Après ça reste très bien, évidemment, Defeated Sanity oblige, mais on n’a pas cette ultra-brutalité jouissive qui est selon moi la marque des meilleurs albums de BDM. C’est autre chose que propose le groupe ici, peut-être paradoxalement plus « oldschool » qu’on pourrait le croire à première vue (le jeu des cymbales au hasard, un des seuls liens entre les deux parties du disques d’ailleurs).

Mais l’espèce de tapping de Suttee est génial, y’a de sonorités assez inattendu pour du Death Brutal, le rendant paradoxalement très atmosphérique (des espèces d’arpèges flottants sur The Bell par exemple).

La seconde partie par contre c’est du caviar pure. Une tentative incroyablement réussie de faire revivre les prémices du Death Technique (avant la déferlante Necrophagist en fait), on pense à Death, Cynic, Atheist et Nocturnus principalement, mais avec la rigueur et la maîtrise actuelle. Déjà sur la première partie, on reconnait pas vraiment le groupe, mais là c’est totalement impossible de savoir que c’est eux.
Le groupe évite complètement l’écueil du « pure exercice de style » car si j’ai cité beaucoup d’influences, on a jamais réellement l’impression d’écouter tel ou tel pionnier en particulier. C’est avant tout du à cette modernité qui affleure à chaque instant, que ce soit de la technique beaucoup plus intriqué que riffé qu’à l’époque et aussi d’une très prégnante dimension progisante qui amène des enchaînements de plans totalement jouissifs.

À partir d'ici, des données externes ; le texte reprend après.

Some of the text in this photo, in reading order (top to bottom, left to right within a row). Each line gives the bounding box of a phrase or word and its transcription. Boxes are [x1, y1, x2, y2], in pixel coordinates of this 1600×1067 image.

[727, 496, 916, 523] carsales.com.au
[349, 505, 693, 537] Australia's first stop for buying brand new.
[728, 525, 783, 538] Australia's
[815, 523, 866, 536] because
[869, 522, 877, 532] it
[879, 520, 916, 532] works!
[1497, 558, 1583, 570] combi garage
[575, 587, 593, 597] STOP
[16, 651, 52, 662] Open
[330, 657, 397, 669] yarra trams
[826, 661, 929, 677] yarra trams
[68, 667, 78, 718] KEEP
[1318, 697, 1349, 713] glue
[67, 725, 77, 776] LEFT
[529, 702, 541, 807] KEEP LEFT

Et y’a de la cowbell aussi, c’est important la cowbell.

Tout se passe comme si on était en présence d’une gemme oublié exhumé des tréfonds des 90′ qui aurait été remixé (quand même) et qui se révélerait incroyablement en avance sur son temps. Et surtout ce Dharmata permet de retrouver des sensations qu’on pensait à jamais enterré sous les sables du temps, de leur redonner une seconde jeunesse. Là où Disposal of the Dead est tout en linéarité (peut-être le choix qui le rend un peu faible d’ailleurs), là tout n’est que cassure, surprise délicieuse après surprise délicieuse (la basse…).

Même si je dois admettre qu’une partie du fan de Defeated Sanity que je suis est un peu désarçonné par les choix sacrément contre-intuitifs du groupe qui cassent totalement l’aura immonde qu’ils avaient bâtie, c’est aussi ce genre de sortie qui les propulse bien plus loin que simplement être le faiseur d’un BDM punitif et complexe.


First Fragment – Dasein

Résultat de recherche d'images pour "first fragment Dasein"

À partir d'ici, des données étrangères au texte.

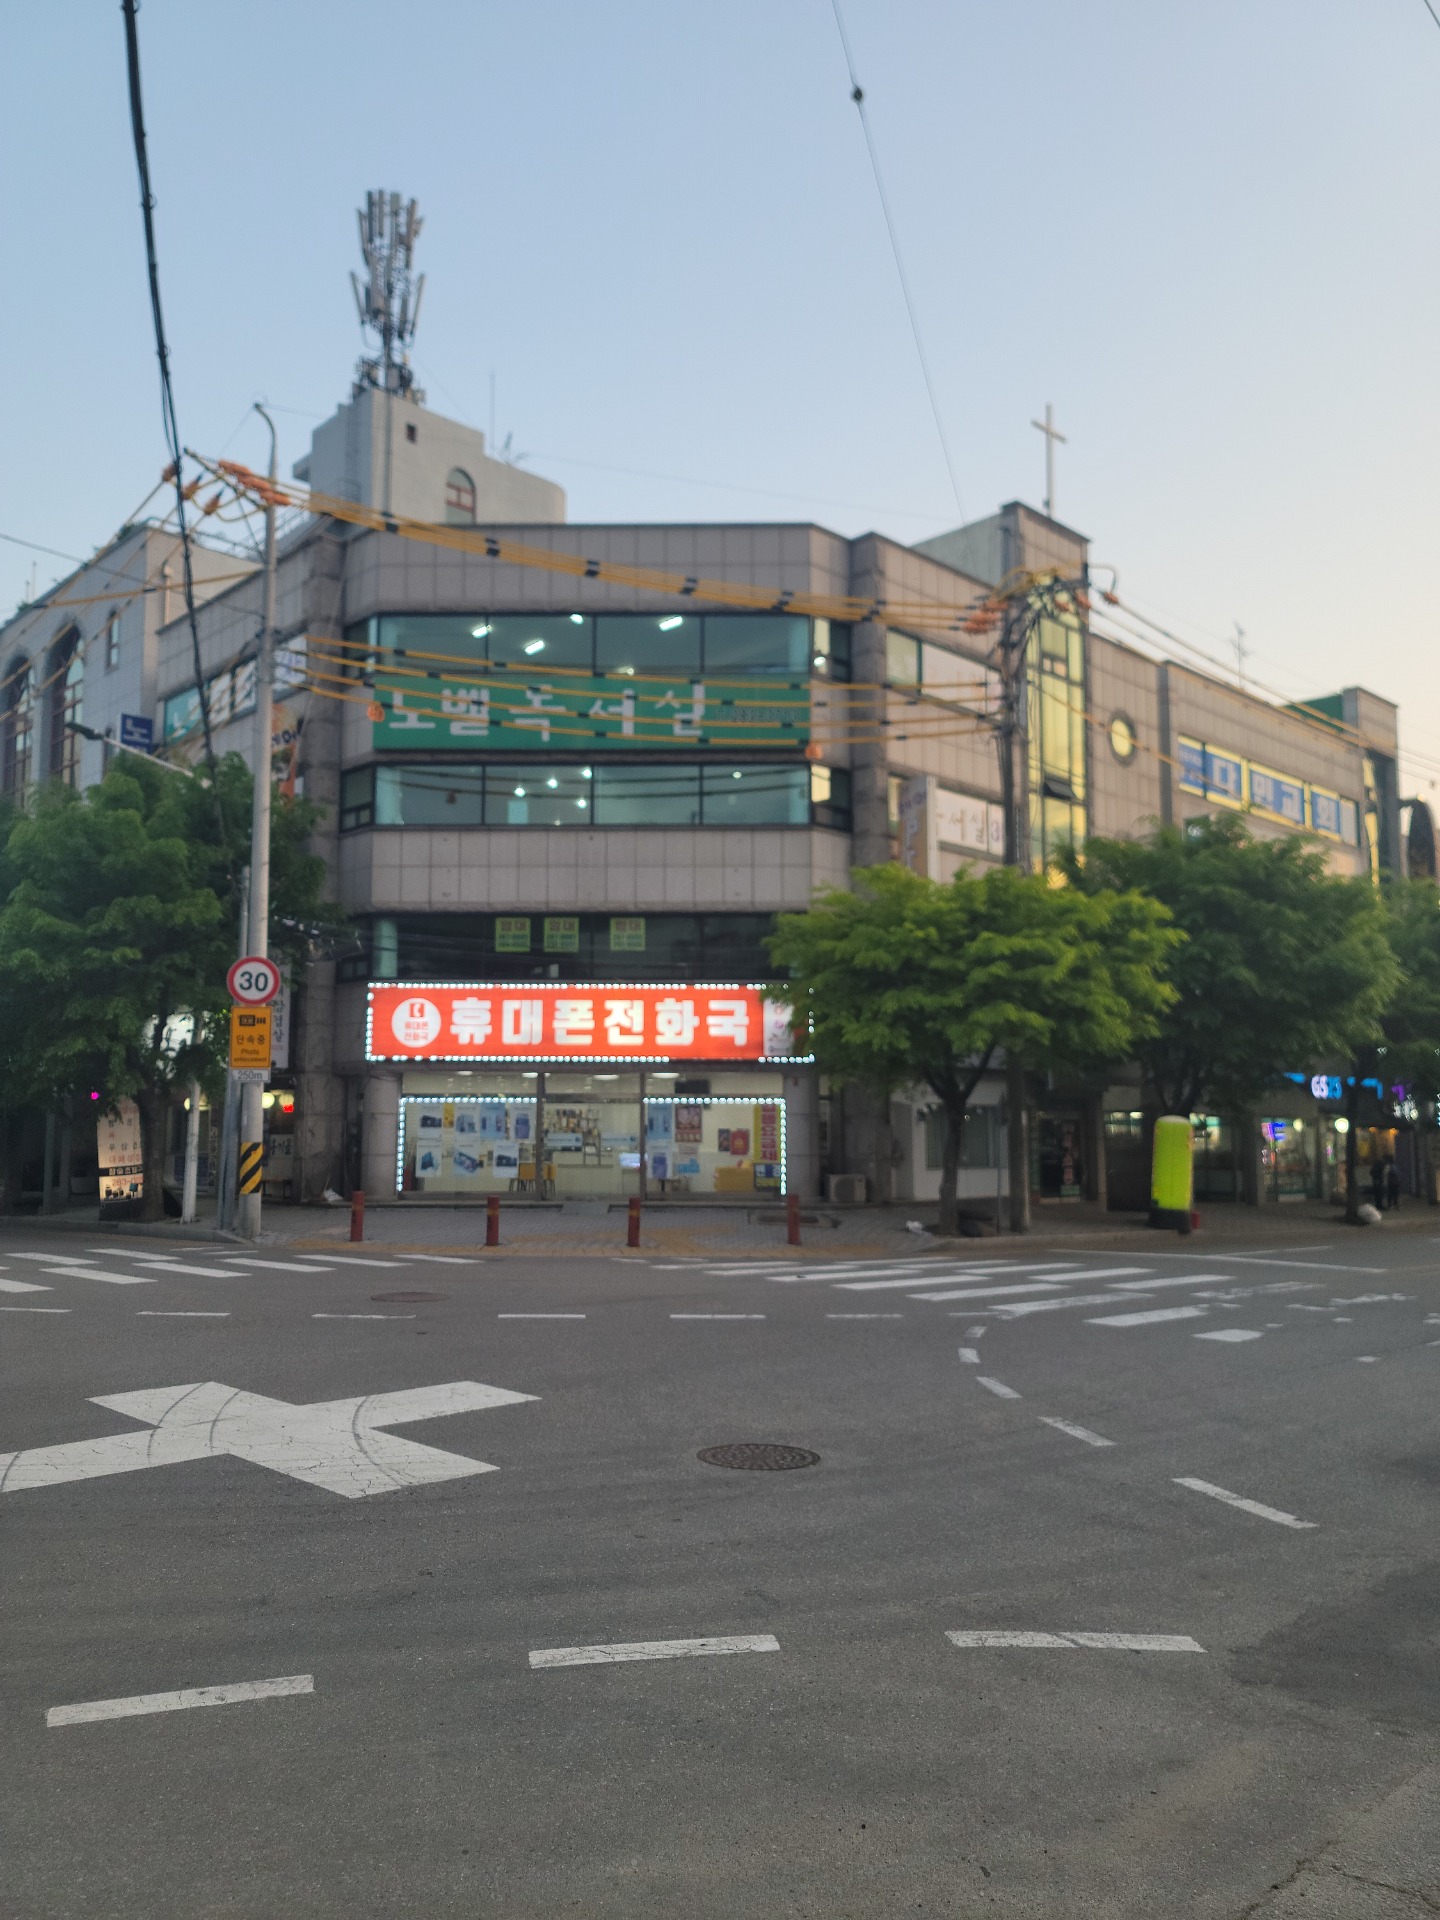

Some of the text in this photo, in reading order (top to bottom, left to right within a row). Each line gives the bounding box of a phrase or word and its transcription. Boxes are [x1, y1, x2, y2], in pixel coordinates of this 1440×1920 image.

[388, 683, 705, 742] 노벨독서실
[239, 971, 268, 992] 30
[450, 997, 750, 1047] 휴대폰전화국
[236, 1034, 265, 1045] 단속중
[238, 1070, 263, 1080] 250m

First Fragment est sûrement l’un des meilleurs espoirs du versant le plus mélodique du Death Technique (même si la scène Death Technique est en fait exclusivement la scène mélodique).

Cet album est monstrueux, quand on pense que certains morceaux ont plus de 8 ans, c’est assez incroyable, rien n’apparaît daté au contraire. J’imagine à peine à quel point le groupe aurait un statut respecté et serait un pilier de la scène si l’album était sorti l’année de composition des morceaux, il serait très facilement au même niveau qu’Obscura.

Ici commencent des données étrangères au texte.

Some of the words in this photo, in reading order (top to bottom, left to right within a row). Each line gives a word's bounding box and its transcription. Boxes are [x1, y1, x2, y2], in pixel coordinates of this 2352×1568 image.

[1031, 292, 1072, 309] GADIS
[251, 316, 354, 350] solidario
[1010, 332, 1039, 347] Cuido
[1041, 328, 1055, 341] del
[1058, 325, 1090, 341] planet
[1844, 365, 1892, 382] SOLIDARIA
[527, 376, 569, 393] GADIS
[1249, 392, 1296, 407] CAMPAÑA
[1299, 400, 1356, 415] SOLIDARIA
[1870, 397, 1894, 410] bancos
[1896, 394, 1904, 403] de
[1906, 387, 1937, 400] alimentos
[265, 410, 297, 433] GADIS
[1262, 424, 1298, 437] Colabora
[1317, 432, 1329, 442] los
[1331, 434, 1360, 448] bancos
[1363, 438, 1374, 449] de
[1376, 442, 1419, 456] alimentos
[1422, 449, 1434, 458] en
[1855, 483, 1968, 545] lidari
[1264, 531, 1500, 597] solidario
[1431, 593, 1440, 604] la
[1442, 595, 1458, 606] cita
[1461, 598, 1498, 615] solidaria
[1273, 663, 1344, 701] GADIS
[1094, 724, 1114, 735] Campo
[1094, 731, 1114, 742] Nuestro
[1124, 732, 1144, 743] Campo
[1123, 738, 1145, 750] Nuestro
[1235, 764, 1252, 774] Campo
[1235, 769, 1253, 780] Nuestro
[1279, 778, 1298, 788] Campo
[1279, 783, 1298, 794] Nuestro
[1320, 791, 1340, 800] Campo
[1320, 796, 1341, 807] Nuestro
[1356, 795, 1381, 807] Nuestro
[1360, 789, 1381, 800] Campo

On retrouve cette même sensation de fluidité que chez les sus-nommé, les différents riffs s’agencent sans qu’on s’en rende compte (coucou Hannes Grossmann), mais là où l’album échappe à une des limites d’Obscura, c’est qu’on a pas du tout cette sensation d’individus très appliqués et très introspectif qui font de la musique très technique et très complexes.
Il y a un vrai souffle chez First Fragment, essentiellement portés par cet voix rageuse, qui n’a rien d’un guttural scolaire, mais au contraire est dans quelque chose de très éructé. Rien que le remarquable crachat à la fin du Serment de Tsion donne le ton, donnant quelque chose de plus sale, de plus spontanée que chez la concurrence. Remarquable la capacité qu’à Tougas, de sortir complètement de son jeu habituel (qu’on peut voir à l’oeuvre sur ces projets principaux -enfin je sais pas si ils le sont, vu comment je m’étais fait rembarrer par ce dernier qui refuse qu’on dise que ce sont les siens, alors que tout est écrit par lui, mais bon, on s’en fout- ) Zealotry et Chthe’ilist, le jeu est totalement différent, preuve de la diversité et des capacités hors normes du gars.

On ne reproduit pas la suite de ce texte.